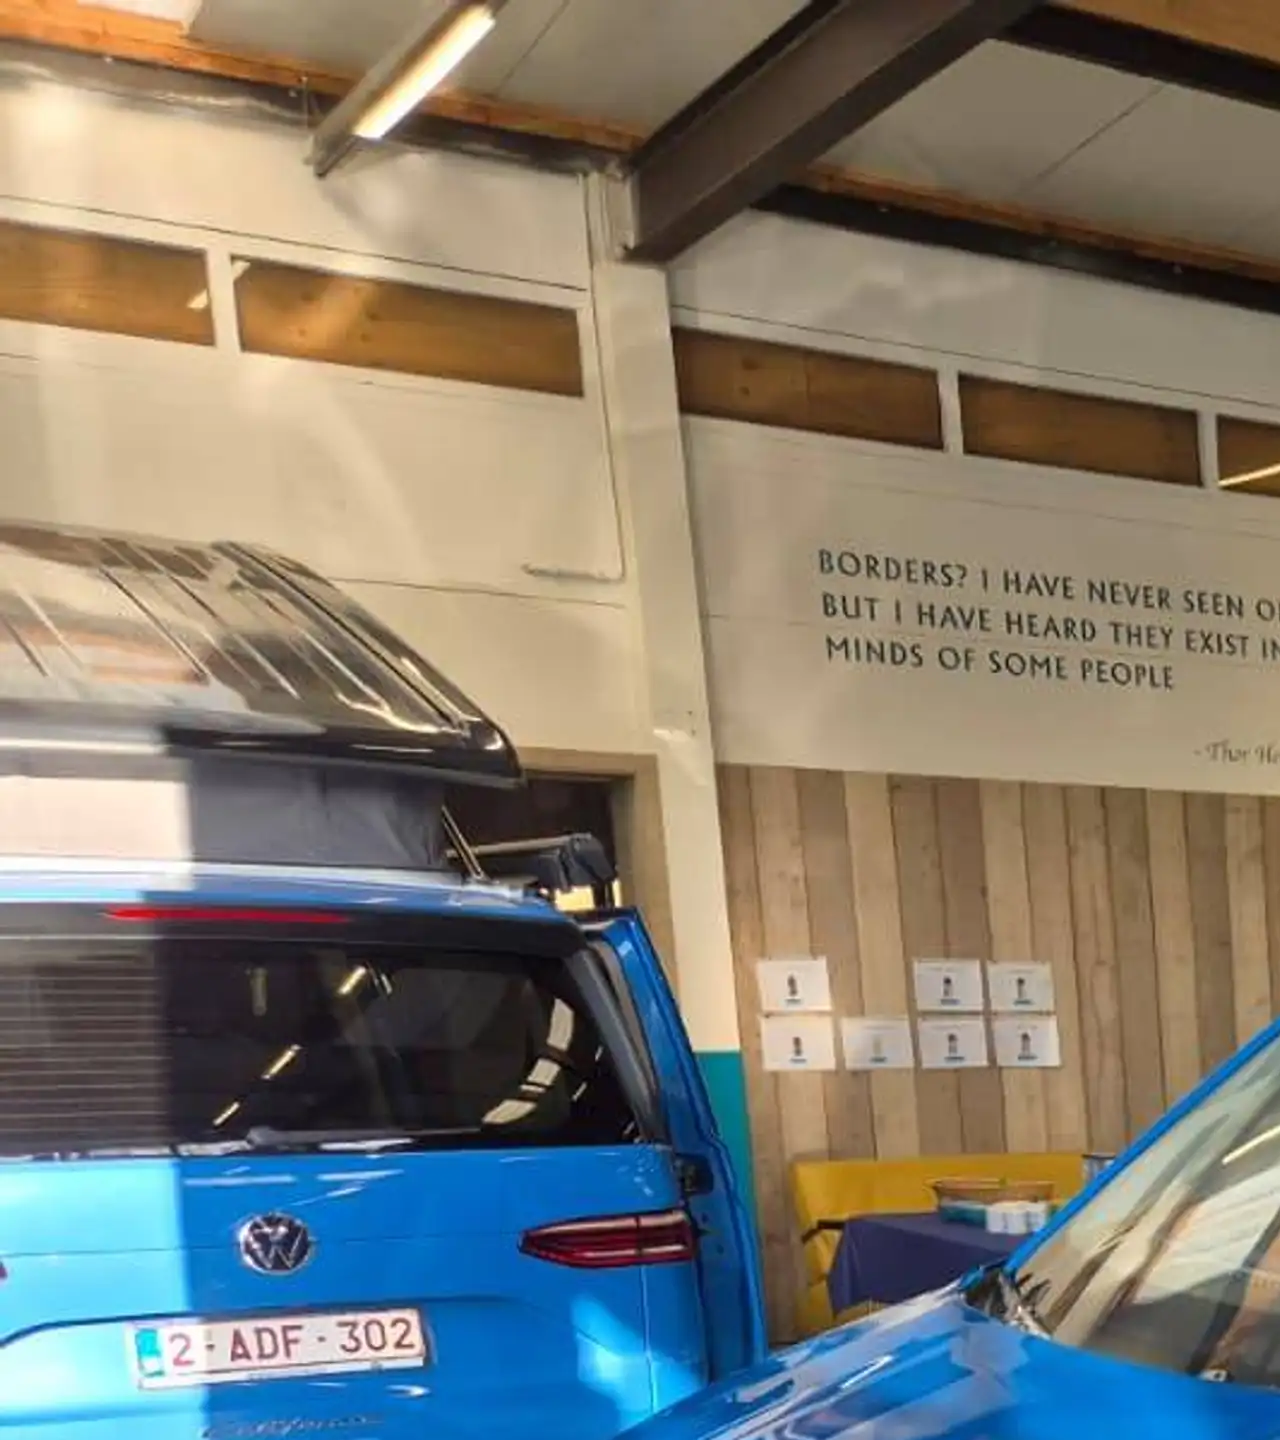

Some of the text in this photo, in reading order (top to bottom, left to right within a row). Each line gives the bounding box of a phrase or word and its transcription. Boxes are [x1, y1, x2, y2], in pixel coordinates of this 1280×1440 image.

[819, 549, 967, 588] BORDERS?
[981, 568, 988, 592] I
[1003, 570, 1075, 600] HAVE
[1087, 579, 1171, 611] NEVER
[1183, 589, 1244, 619] SEEN
[822, 593, 880, 622] BUT
[895, 600, 902, 624] I
[917, 603, 992, 632] HAVE
[1005, 611, 1096, 643] HEARD
[1109, 620, 1173, 650] THEY
[1185, 629, 1249, 658] EXIST
[826, 635, 1174, 690] MINDS OF SOME PEOPLE
[1205, 739, 1250, 763] Thor
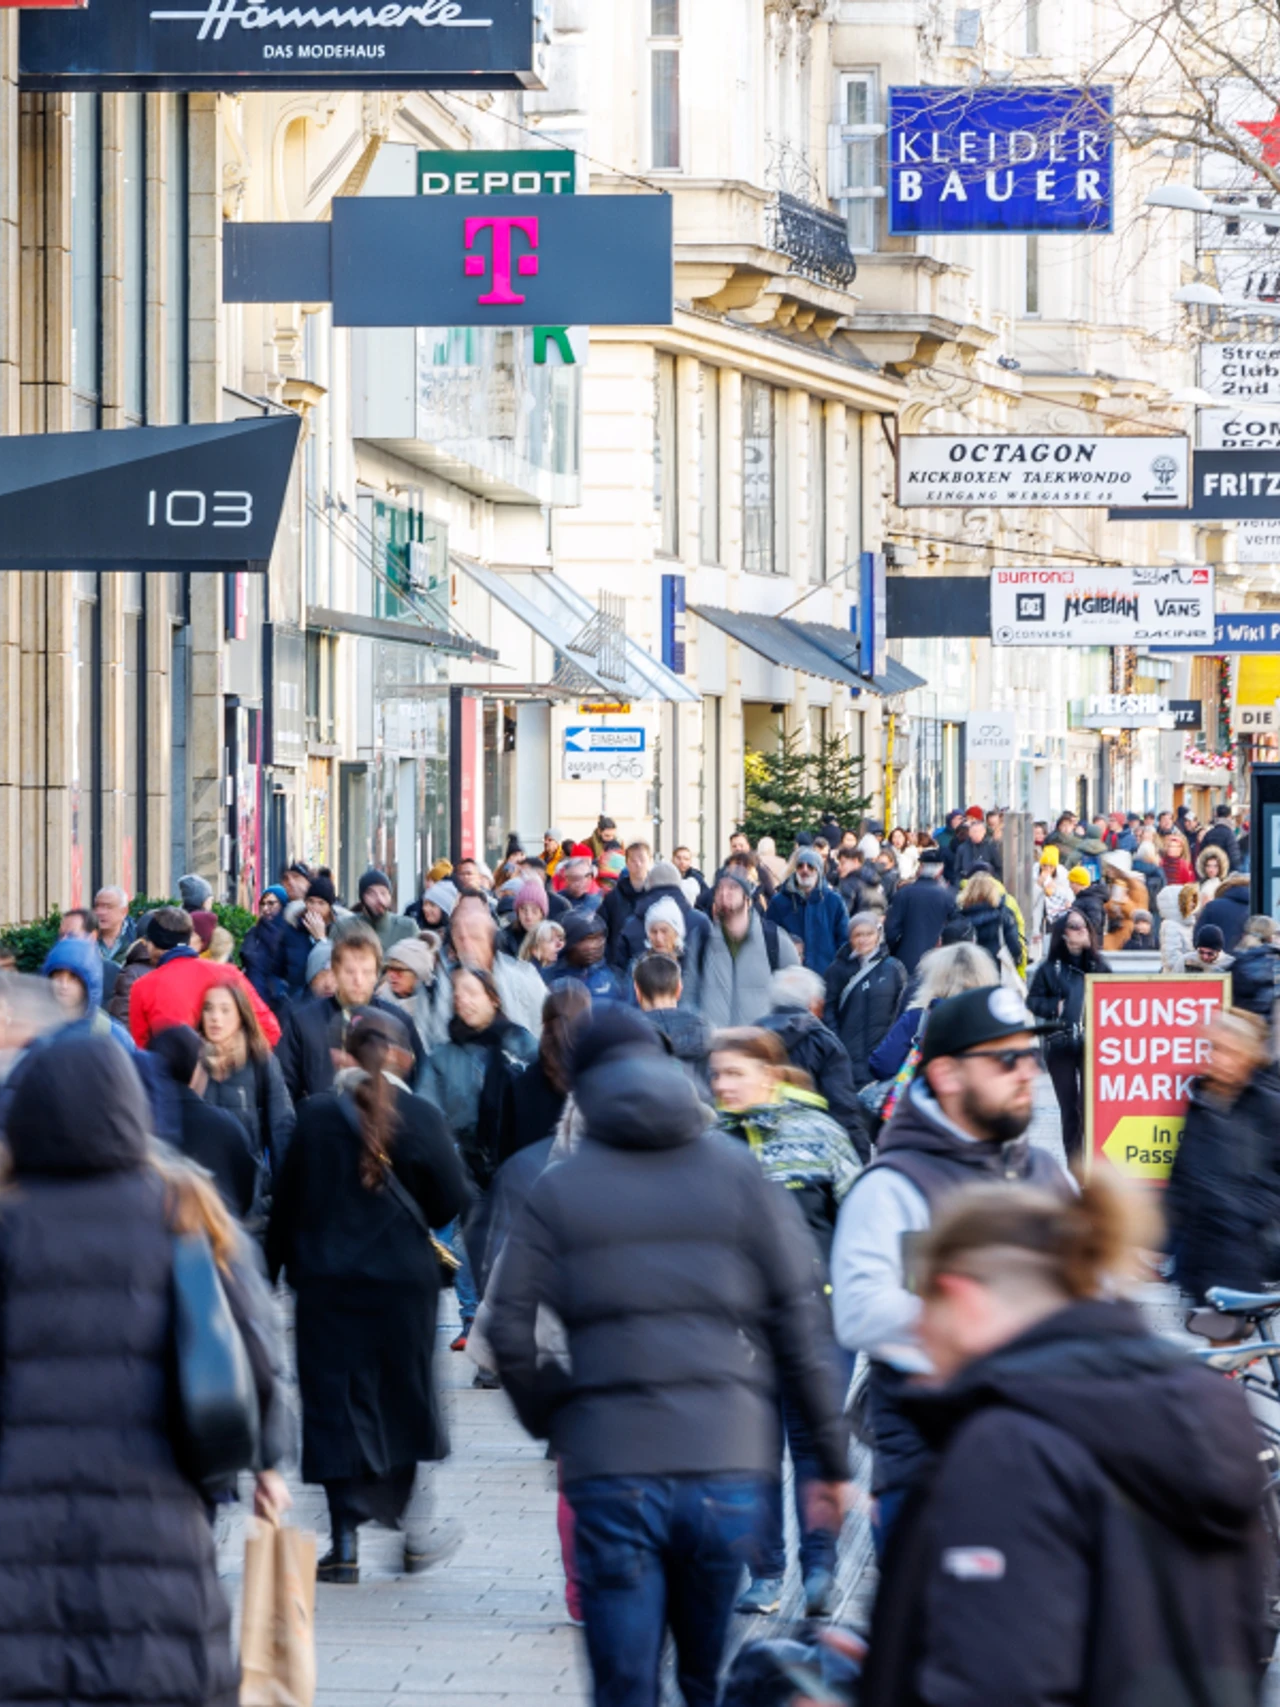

****************************************

- Assigned task: Reproduce these records exactly, but not the pictures.

- Result:
Some of the text in this photo, in reading order (top to bottom, left to right within a row). Each line gives the bounding box of a phrase or word and its transcription. Boxes are [x1, y1, x2, y2], in pixel coordinates of this 1280×1440 image.

[819, 549, 967, 588] BORDERS?
[981, 568, 988, 592] I
[1003, 570, 1075, 600] HAVE
[1087, 579, 1171, 611] NEVER
[1183, 589, 1244, 619] SEEN
[822, 593, 880, 622] BUT
[895, 600, 902, 624] I
[917, 603, 992, 632] HAVE
[1005, 611, 1096, 643] HEARD
[1109, 620, 1173, 650] THEY
[1185, 629, 1249, 658] EXIST
[826, 635, 1174, 690] MINDS OF SOME PEOPLE
[1205, 739, 1250, 763] Thor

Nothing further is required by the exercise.